DHCP: Applying DHCP options:
Setting default_gateway to 192.168.2.1
Adding default route 192.168.2.1
Adding DNS server address 192.168.2.2
Setting default domain to address.net
%DHCP-6-ADDRESS_ASSIGN: Interface FastEthernet0/0 assigned DHCP address 192.168.2.5, mask 255.255.255.240, hostname ro
ro#show run | include name-server
ip name-server 192.168.2.1
ip dns view default
dns forwarder 172.20.10.10
dns forwarder 172.20.10.20
ip dns view-list my-view
view default 10
ip dns server view-group my-view
ip dns server
You need to be running 12.4(9)T but it is a solution.
r4#show ip dns view default
DNS View default parameters:
Logging is off
DNS Resolver settings:
Domain lookup is enabled
Default domain name: test.com
Domain search list:
Lookup timeout: 3 seconds
Lookup retries: 2
Domain name-servers:
192.168.0.1
192.168.0.2
192.168.0.3
DNS Server settings:
Forwarding of queries is enabled
Forwarder addresses:
r4#show run | section ip dns
ip dns view default
domain name-server 192.168.0.2
domain name-server 192.168.0.3
DNS View public-view parameters:
Logging is on (view used 1323 times)
DNS Resolver settings:
Domain lookup is enabled
Default domain name:
Domain search list:
Lookup timeout: 3 seconds
Lookup retries: 2
Domain name-servers:
DNS Server settings:
Forwarding of queries is enabled
Forwarder addresses:
4.2.2.2
This doesn't really matter now that you found the other dhcp client command in your latest post, but it does matter for those that are using multiple views.

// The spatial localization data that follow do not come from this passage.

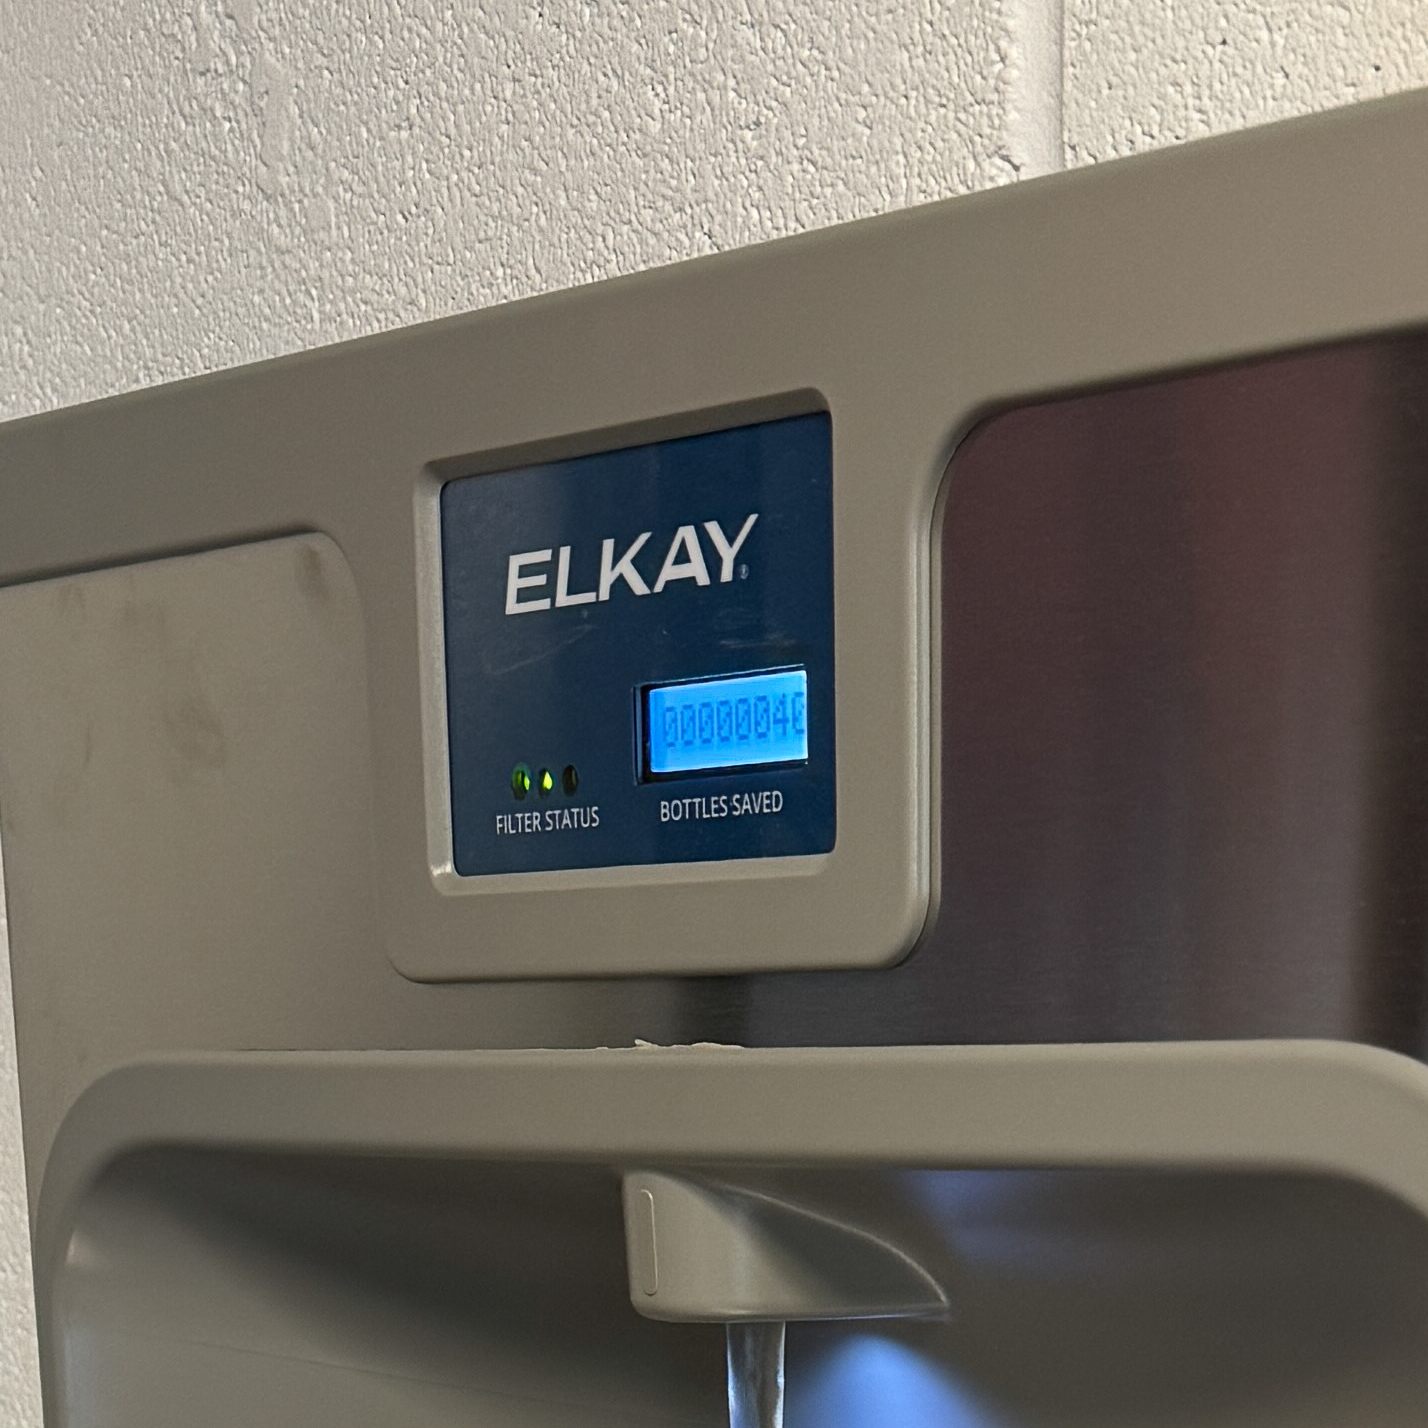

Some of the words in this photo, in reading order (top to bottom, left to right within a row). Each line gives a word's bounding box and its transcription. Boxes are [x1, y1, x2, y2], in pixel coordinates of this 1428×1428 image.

[505, 513, 759, 615] ELKAY
[496, 812, 542, 835] FILTER
[545, 806, 600, 832] STATUS
[660, 794, 729, 823] BOTTLES
[731, 790, 783, 816] SAVED

Firstly, why would you want DNS servers received via DHCP to be placed into the running-config, or be written back to the startup-config? These are run-time variables, much the same as the routing tables that routing protocols build. These routes dont appear in the running configuration either as the next time the router boots up, some or all of them may no longer be vaild.

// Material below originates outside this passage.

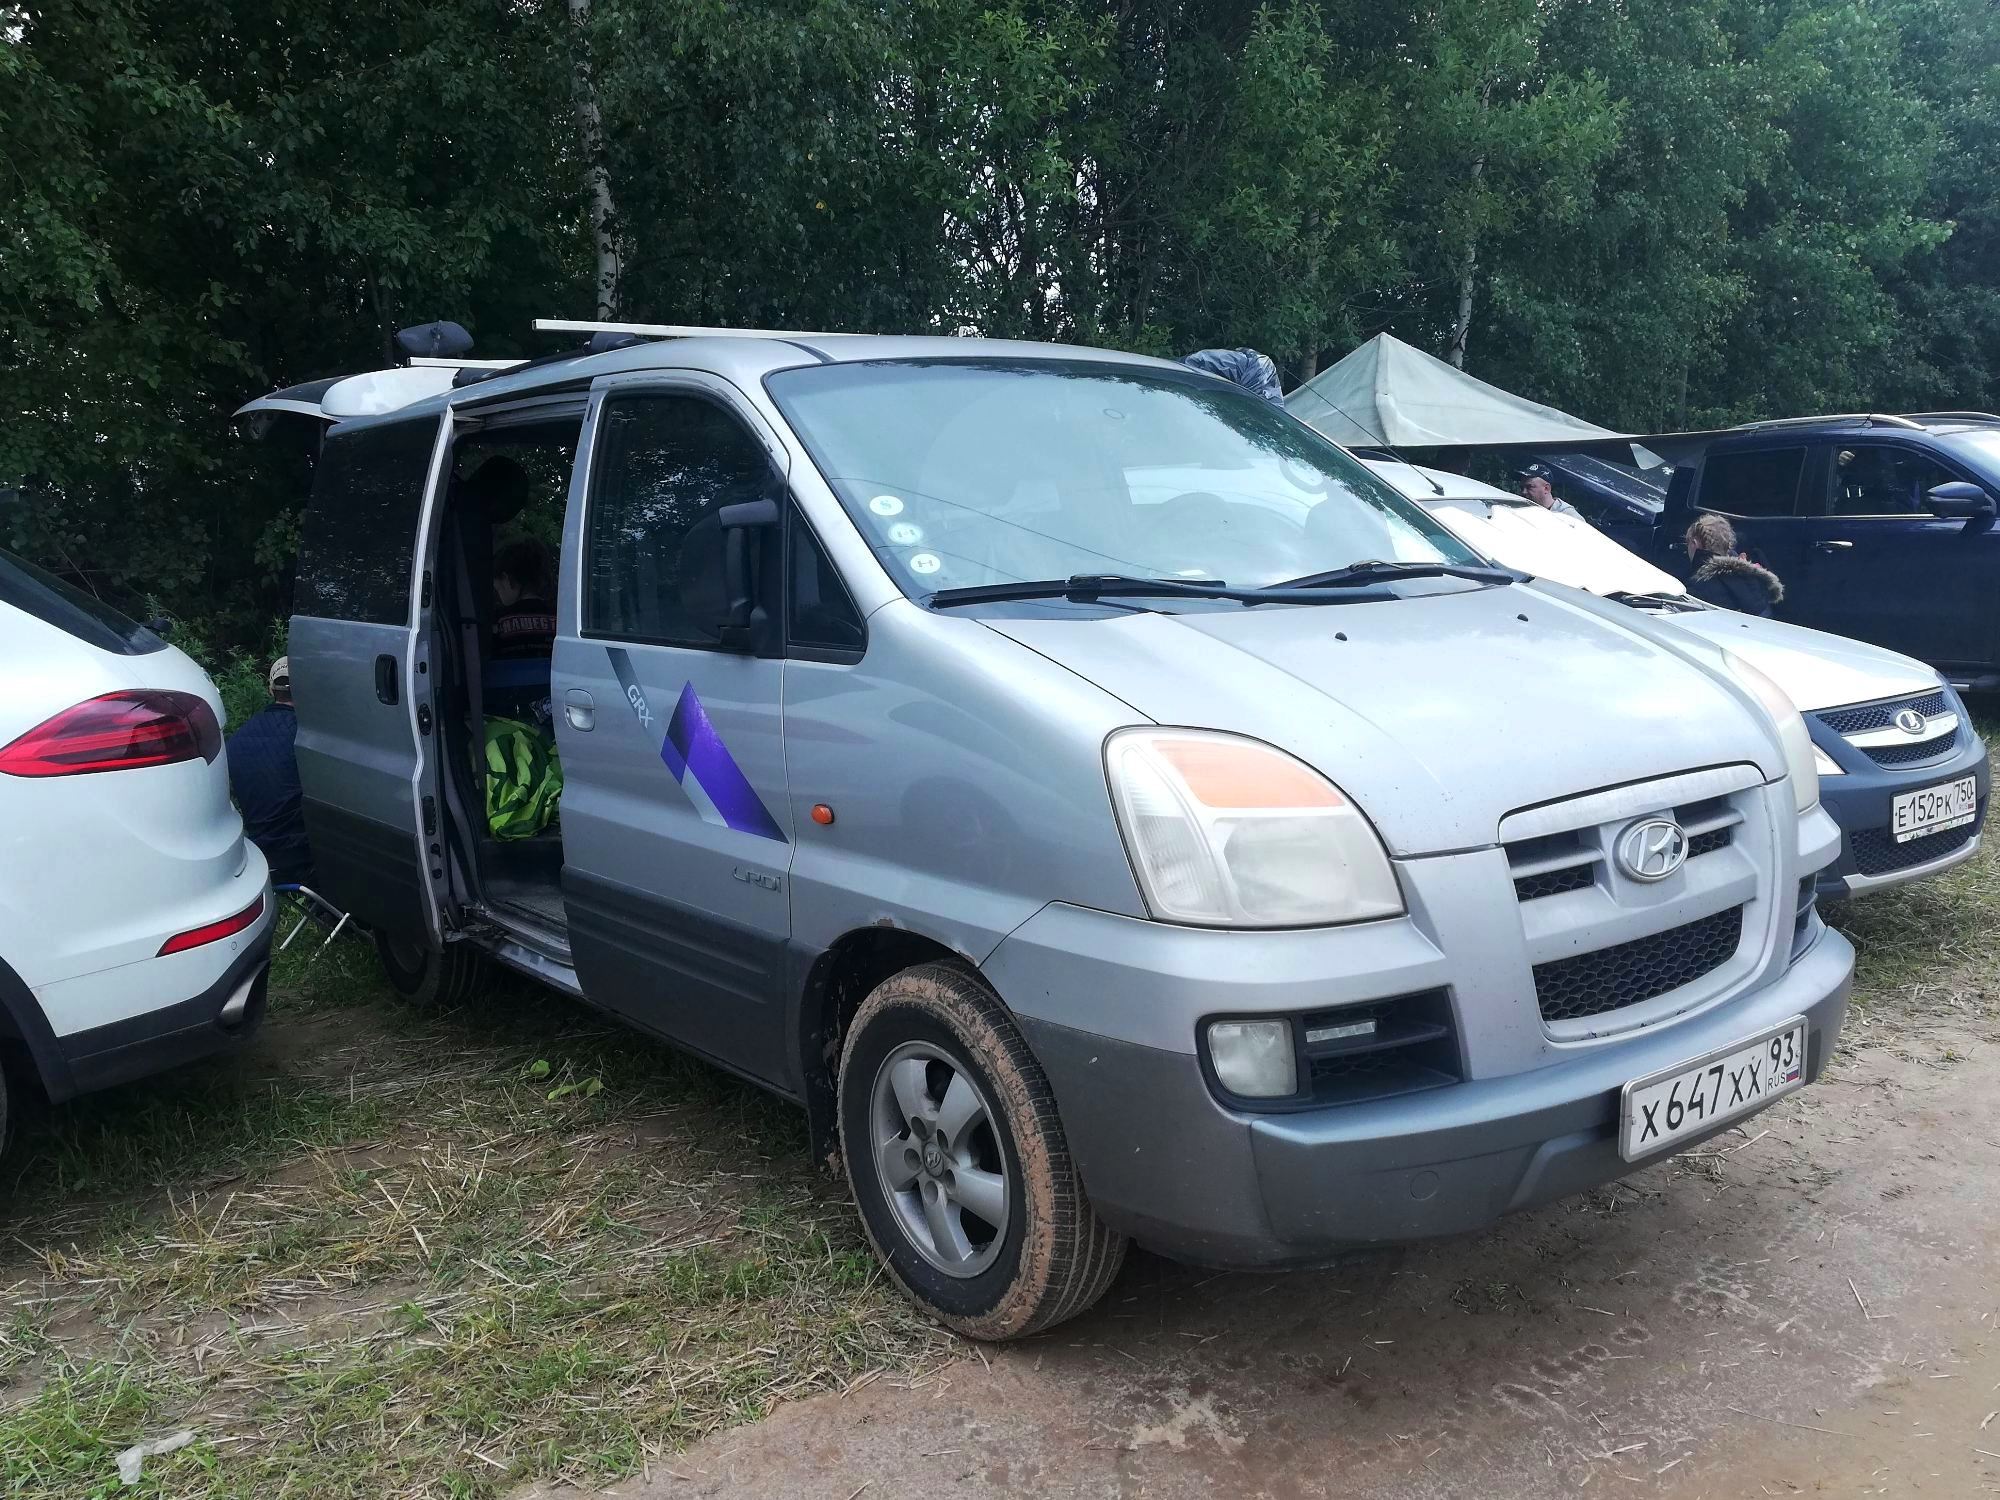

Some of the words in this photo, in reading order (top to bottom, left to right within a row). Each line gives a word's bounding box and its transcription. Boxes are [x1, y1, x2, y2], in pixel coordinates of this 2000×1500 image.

[627, 684, 655, 729] GRX
[1955, 780, 1974, 804] 750
[1770, 1030, 1794, 1074] 93
[1767, 1073, 1786, 1091] RUS

If the router receives a list of DNS server addresses with a DHCP reply, and places them into the running-config, you now have potentially unstable run-time information in your configuration. If that configuration is written to NVRAM, you are now storing that potentially unstable information in your router.
This somewhat defeats the purpose of DHCP which is to allow hosts to automatically configure themselves with the correct network settings. Having them statically configured also poses security risks, unless you control the DNS servers in question.
Secondly, can you explain in more detail what you mean about the statically configured name servers being lost if the DHCP interface goes down?
Name servers present in your startup/running configuration should not be "lost".
Cheers,
Tom
As for the "lost DNS servers" - if you configure a static DNS server and subsequently receive the same DNS server's IP address in a DHCP reply, the dynamic DNS server overwrites the static declaration (IOS does not allow you to have two entries for a single DNS server) and is thus lost from the running/startup config ... as the example in the post has clearly demonstrated.